The Captain has always been liked by most of the Tintin fans, while some even prefers him over the boy reporter. So why not a film of his own?

This is not a random idea, either.
A broken drunk captain kept captive on his own ship to a respected civilian living in a stately manor, his story of rejuvenation and new hope in his imperfect life (unlike Tintin) surely has a lot of potential.

With Tintin playing second-fiddle, we could experience the different and quite contrasting ideas of the Captain during their adventures.
And looking at the Tintiniverse through the point of view of, well, not Tintin, is surely viable and will shake things up a bit.

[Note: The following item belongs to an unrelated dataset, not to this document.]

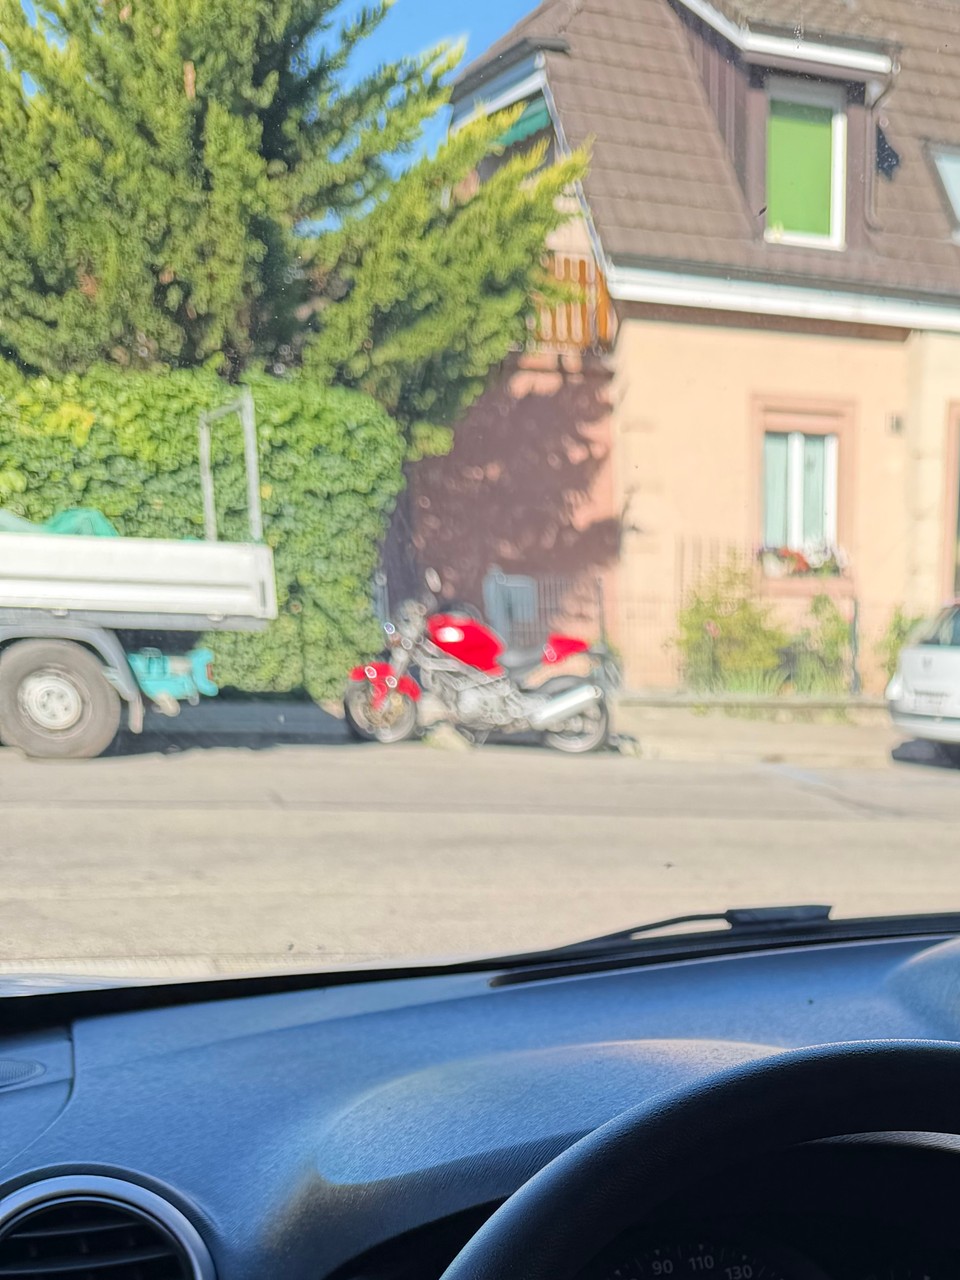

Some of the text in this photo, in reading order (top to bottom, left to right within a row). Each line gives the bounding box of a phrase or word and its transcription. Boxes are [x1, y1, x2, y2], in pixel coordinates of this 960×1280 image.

So what do the others think? Are you willing to see the Captain take the driving wheel?
#2 · Posted: 1 Nov 2018 00:54
Are you suggesting a film based on the books but seen from Haddock's point of view?

The problem is that, as I see it, much of the action is split between him and Tintin anyway. For much of the time they are joined to the hip, but when they separate the story can be hard to follow if you see it from the view of one but not the other: in "Destination Moon" for instance, the scene of Tintin being shot by one of the parachutists is best seen rather than just described - as he does to Haddock and Baxter in the hospital.

A film based on an original adventure in which he features without Tintin might work. The problem is that I have noticed that when a third party writes a story based on another writer's characters, he does not always get the essence of those characters. I have a friend who loved the original James Bond novels by Ian Fleming but dismisses those written by other writers.

A Haddock story would probably look at his early life and how he became a sailor and an alcoholic. There tends to be a lot of such prequels such as the young Indiana Jones, the young Darth Vader, the young James Bond or the young Endeavour Morse.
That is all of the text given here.